First, let me say that I usually drink beer in a frozen pint glass or mug, so this device has me reverting to drinking out of the bottle. The Chillsner most definitely keeps your beer colder as you drink, plus it adds a larger, smooth lip to your bottle. Once I took an initial sip out of the bottle (so it didn’t overflow) and seated the Chillsner, I found that sometimes I couldn’t seat it right on the bottle, so it would leak a little underneath my lip as I drank. Because these are made from steel, it also ends up making the cost pretty prohibitive, too…you could buy a couple of six packs instead of a couple of Chillsners.

The best fit for this is someone who drinks bottled beer often, but finds their beers getting warm before they finish them. If that describes you, you’ll like the Chillsner!

 

Gonzalez Byass Brandies

gonzales byass brandies: soberano and lepanto

Gonzalez Byass is primarily known as a wine family in Spain, though they also own several spirits as part of their portfolio, including Flor de Caña rum. Two of their brandy lines are Soberano and Lepanto.

These two, however, are very different brandies. Soberano 5-year, which is about $30 and distilled in a column still (a pretty new way of distilling), is sweet in the smell and candy-corn-like in the flavor. It has no spice or alcohol burn and would make an excellent Sidecar cocktail.

Lepanto is a 12-year-old brandy, distilled in a copper pot still. The price tag reflects its age ($60) and the flavor is quite different than Soberano, with a stronger and spicier flavor than its younger brother, with burn on the finish and sizzle on your tongue. In a vague way, this brandy reminds me of a very old whiskey-barrel-aged tequila – spice mixed with a freshness from the grapes, slightly sour notes in the nose and a vanilla cream flavor on the finish. For the price, you’d be more likely to sip Lepanto than mix it, but it would make an outstanding, complex cocktail if you decided to shake one up. We initially tasted Lepanto on the Simple Cocktails Podcast.

From what I can tell, the Gonzalez Byass family of brandies are just beginning to be distributed in the United States. If you have a chance to try Soberano or Lepanto, let me know what you think in the comments.

 

 

Skyy Vodka

skyy vodka

It’s not often that I find myself surprised by a liquor, particularly by a vodka. Once you’ve tried several dozen, they all taste pretty similar to each other.
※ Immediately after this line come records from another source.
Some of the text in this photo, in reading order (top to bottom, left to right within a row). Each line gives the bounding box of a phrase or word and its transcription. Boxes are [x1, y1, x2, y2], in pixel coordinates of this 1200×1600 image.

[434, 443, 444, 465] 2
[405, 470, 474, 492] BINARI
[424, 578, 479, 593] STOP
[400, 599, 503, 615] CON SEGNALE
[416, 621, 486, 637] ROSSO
It caught me off guard, then, when we opened and tasted Skyy for the first time on a recent podcast episode. A pretty common staple in bars across America, Skyy is a 20-year-old brand in a familiar cobalt blue bottle, distilled in San Jose, California.
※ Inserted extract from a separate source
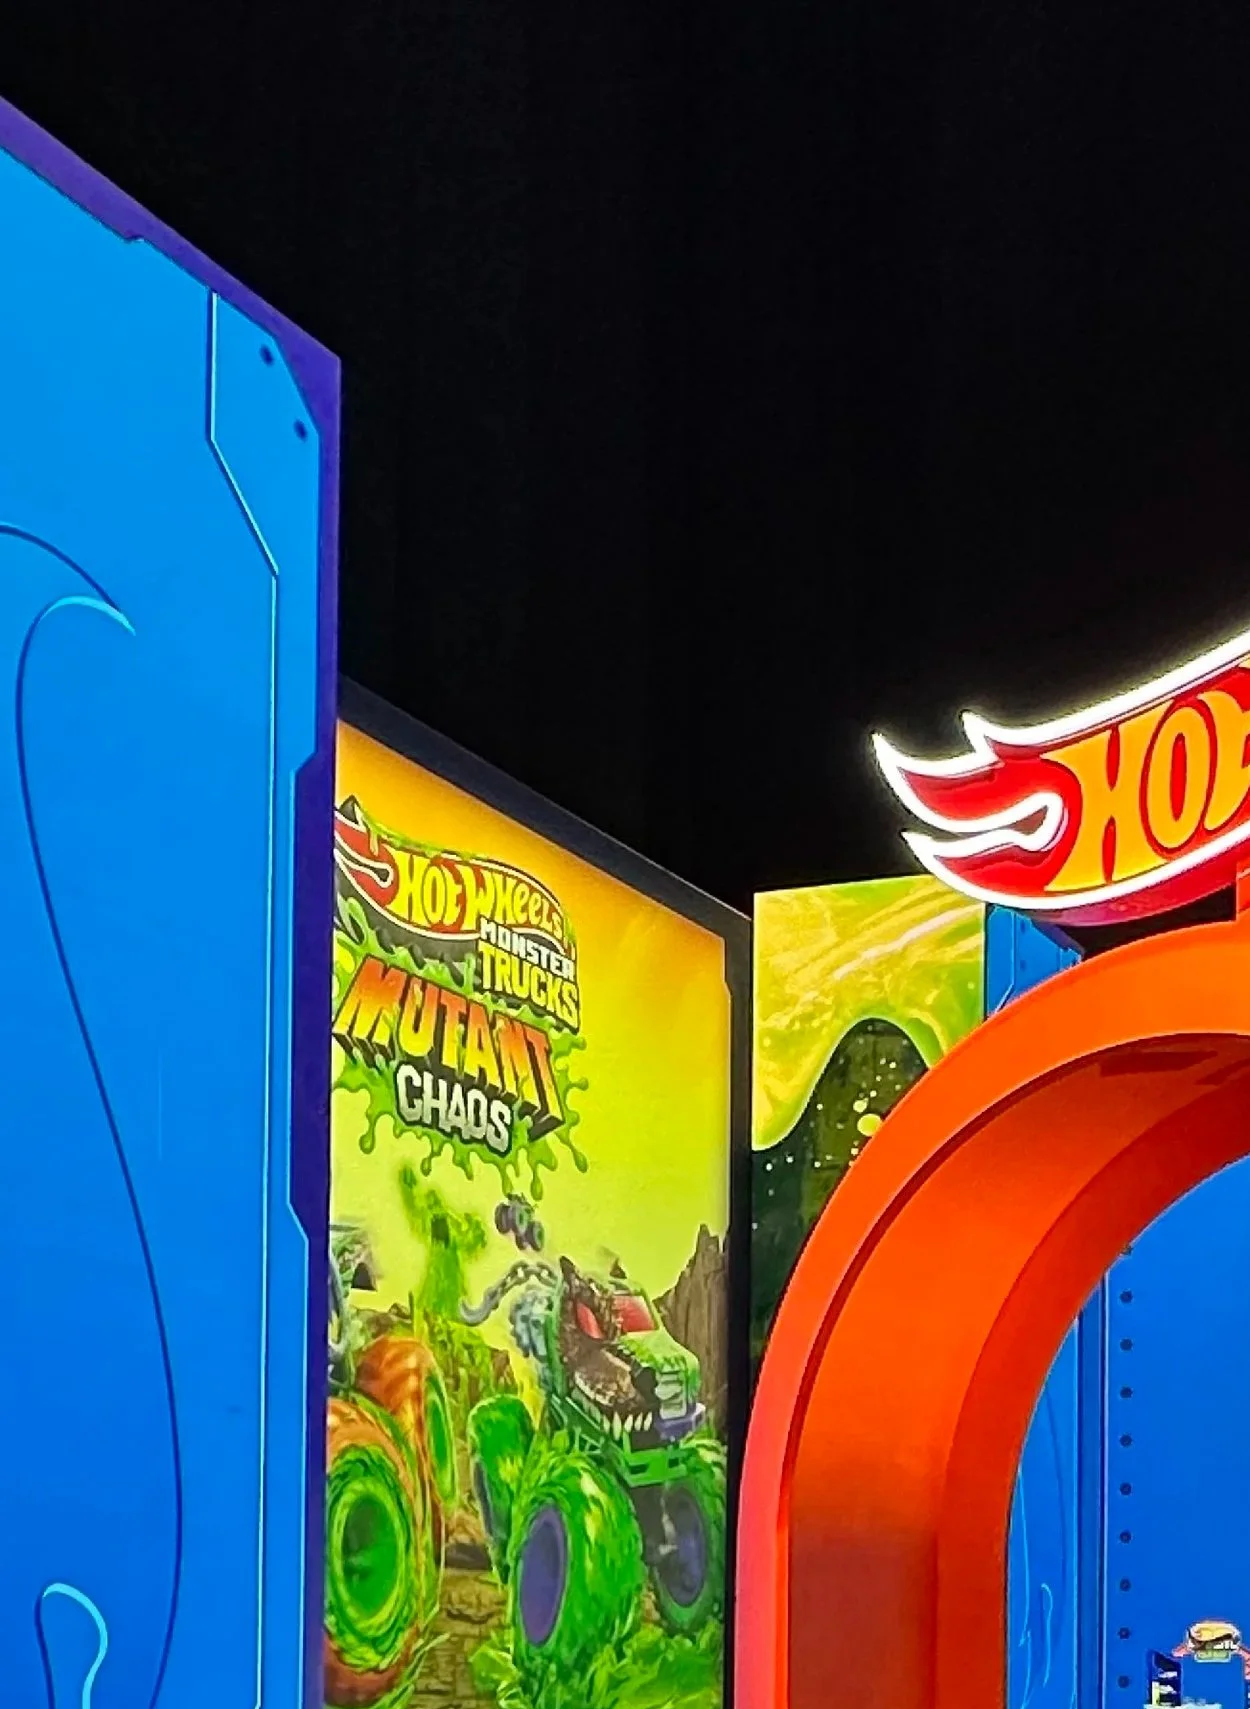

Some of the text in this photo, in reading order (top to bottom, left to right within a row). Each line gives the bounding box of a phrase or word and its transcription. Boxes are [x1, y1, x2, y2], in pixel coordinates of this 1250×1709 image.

[479, 943, 578, 1028] TRUCKS
[480, 916, 575, 979] MONSTER
[333, 955, 566, 1123] MUTANT
[396, 1063, 512, 1153] CHAOS
From what I can tell, Skyy is distilled from wheat, which contributes to the surprising sweetness of the vodka. I find it to have a smooth, sweet vanilla flavor, and it’s got more flavor character than the usual “odorless, flavorless” vodka I’m used to.

Vodka is a subtle product, more so than anything that I’ve encountered. The varieties of taste are wide, but overall, the differences in flavor are sometimes difficult to tell. It’s also a pretty polarizing product, ignored by craft cocktail enthusiasts in some cases and yet beloved by lots of drinkers everywhere. In the case of Skyy, it’s a moderately priced ($15), good-tasting vodka that you can find from coast to coast and it’s also a vodka that can easily find it’s rightful place in your home bar.

 

New Holland Spirits

new holland spirits

New Holland Spirits was relatively unknown to me until I ran into them at Tales of the Cocktail this year and tasted their fantastic orange liqueur (more on that in a minute).
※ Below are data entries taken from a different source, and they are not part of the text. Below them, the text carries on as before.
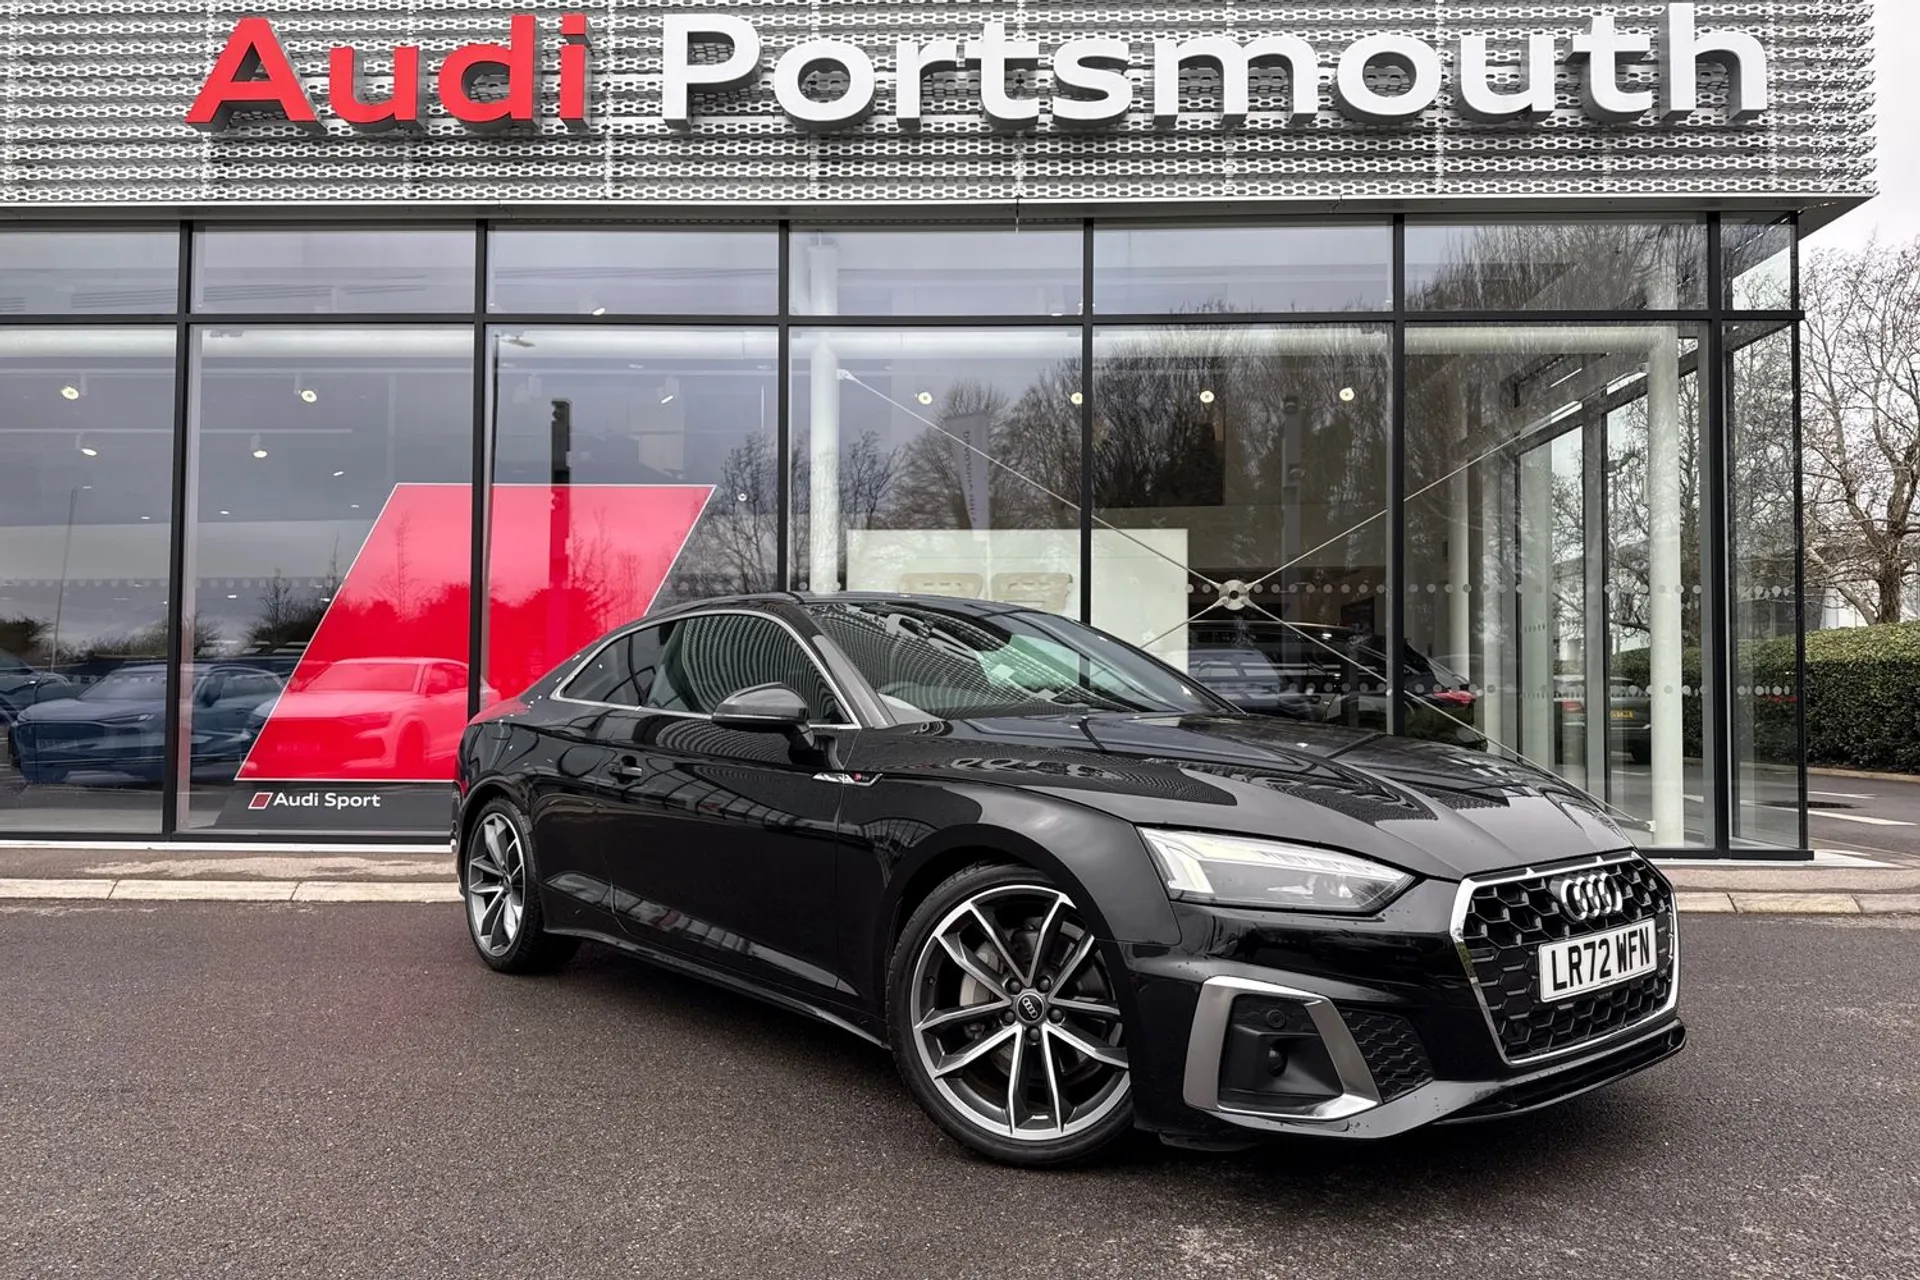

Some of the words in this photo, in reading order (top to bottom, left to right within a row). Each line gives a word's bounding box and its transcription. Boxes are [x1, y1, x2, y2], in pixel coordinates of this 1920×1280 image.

[184, 13, 588, 126] Audi
[661, 2, 1769, 126] Portsmouth
[273, 792, 319, 807] Audi
[324, 792, 381, 810] Sport
[1551, 938, 1612, 992] LR72
[1616, 926, 1650, 974] WFN
Born out of New Holland Brewery in Michigan, the spirits line is pretty diverse and I’ve enjoyed everything I’ve tried so far, including their Beer Barrel Bourbon. They were generous enough to let us try many of their other spirits. Here’s what we think:

Walleye Rye, $40-50. A rye with more fruitiness than I expected. Spicy, yes, but there’s a lot more dried fruit and sweetness than I’m used to in a rye. I feel like this rye’s fruity flavor is possibly due more to its younger age than what it’s distilled from. It;s fun to use this to make more fruit-forward rye cocktails, like Manhattans.

Knickerbocker Barrel Gin, $35. I love barrel aged gins. They helped me transition from being mostly a gin drinker to whiskey. When you take a sip, this is in the very end of the taste you get a caramel-barrel sweetness that’s really great. We tasted this on an episode of the podcast as well.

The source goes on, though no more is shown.